Ageas managing director Mark Cliff stressed today that the insurer was not trying to stop brokers earning referral fee income.
The Insurance Institute for Brokers (IIB) issued a bulletin last week saying it was concerned Ageas stance on referral fees “could prevent the broker from referring claimants to outside claims handling services and require the broker to refer all third party claimants to Ageas.”
But Cliff said Ageas merely wanted to know whether brokers have their own arrangements over first notification of loss (FNOL) or use the insurer’s arrangements.
This would help Ageas have a better grip on understanding where the claims are coming from, he said.
Cliff said: “This is not linked to referral fees in anyway at all. We are not trying to stop brokers obtaining referral fees. We just want to know is whether they use our FNOL our have their own arrangements.”
Ageas has sent out its TOBA to brokers, and so far, 39 had come back saying they have their own arrangements.

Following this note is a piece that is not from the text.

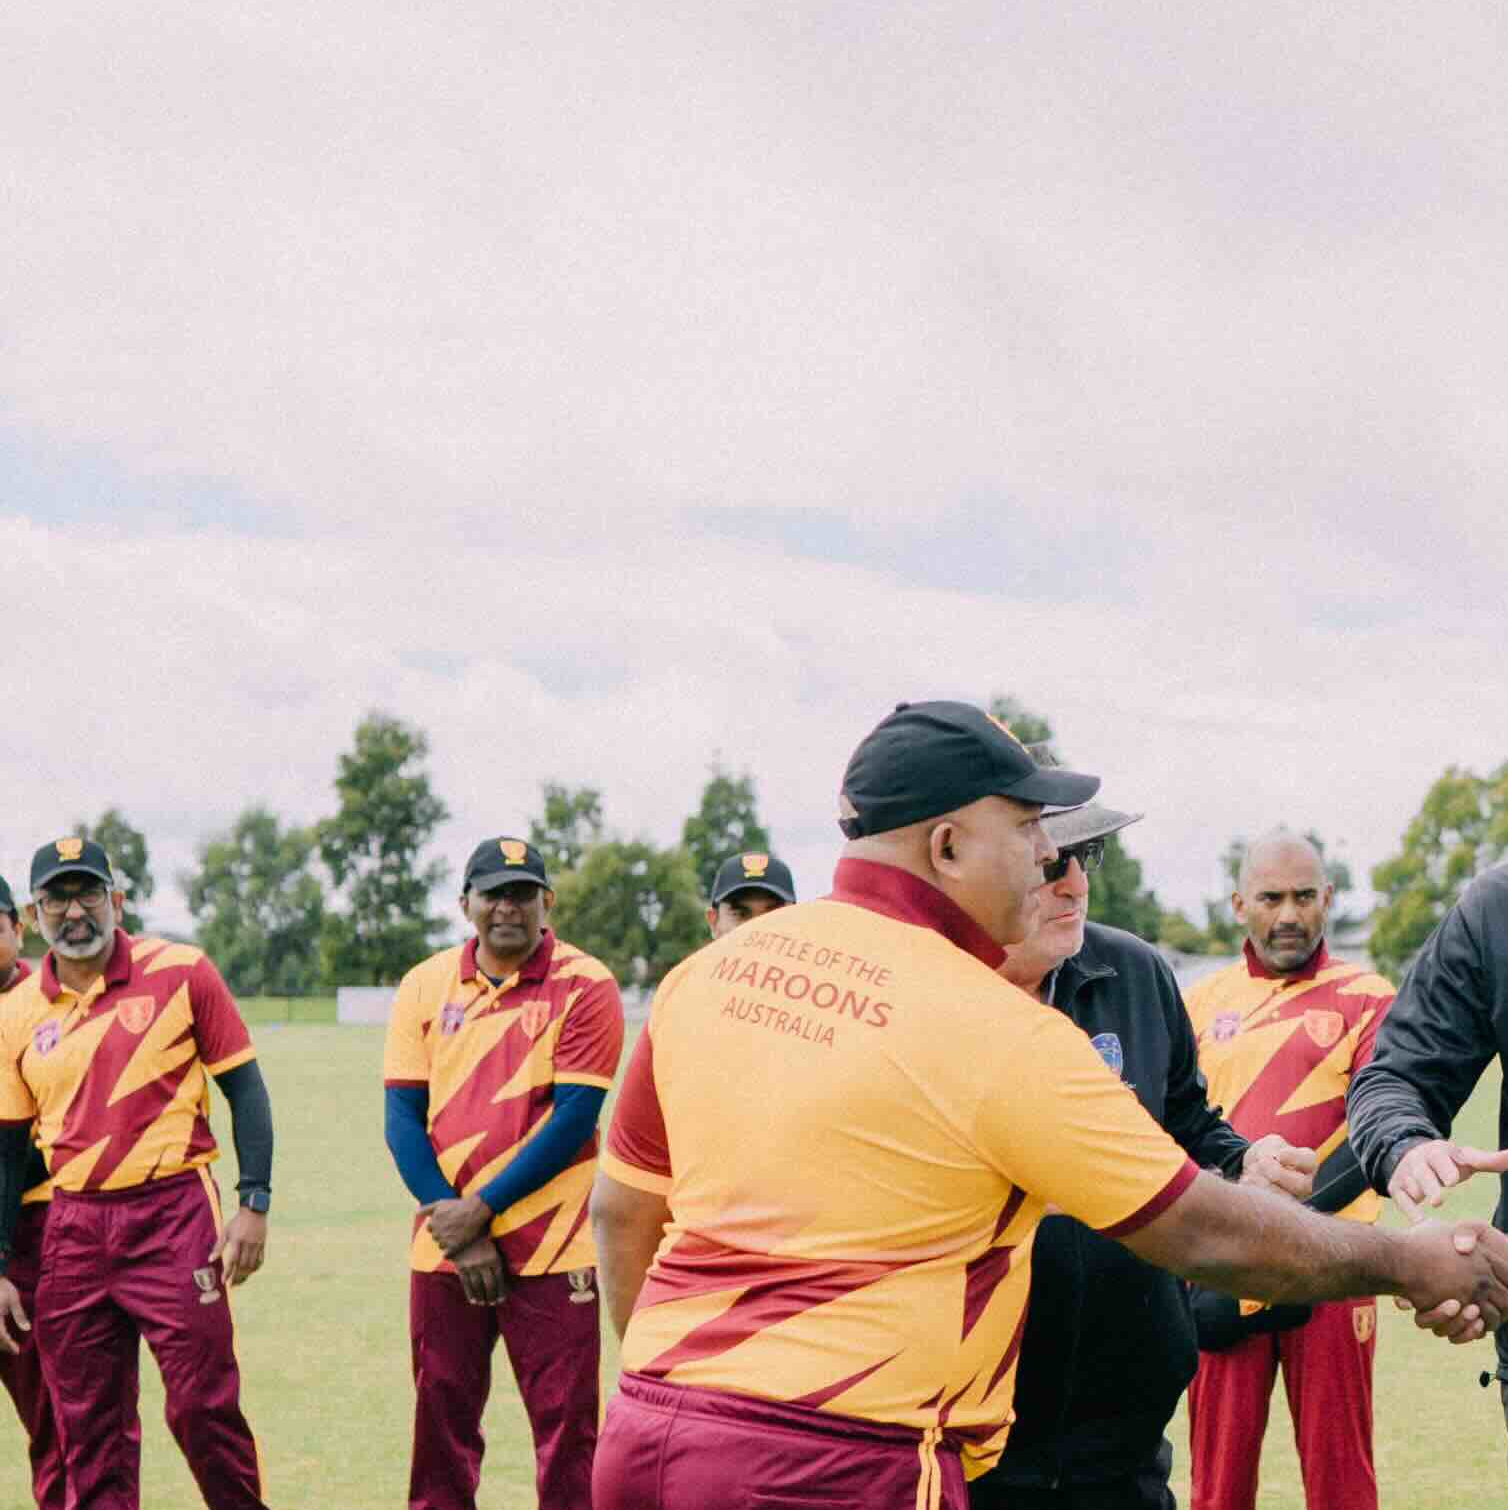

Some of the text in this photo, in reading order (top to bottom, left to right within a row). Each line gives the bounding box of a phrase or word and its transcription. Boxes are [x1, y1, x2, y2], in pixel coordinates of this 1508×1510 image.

[744, 931, 893, 987] BATTLE OF THE
[710, 956, 894, 1028] MAROONS
[721, 996, 836, 1048] AUSTRALIA

Ageas would then send out an amended TOBA to those brokers, to take account of the fact they have their own arrangements.
Ageas had been in discussions with Biba over the arrangement and further talks were scheduled with the IIB.
Cliff said the key issue on referrals was over lawyers’ fees. They earned such large amounts of money from claimants' cases they could afford to pay for referrals, but hopefully, the Jackson Review would address the issue, he said.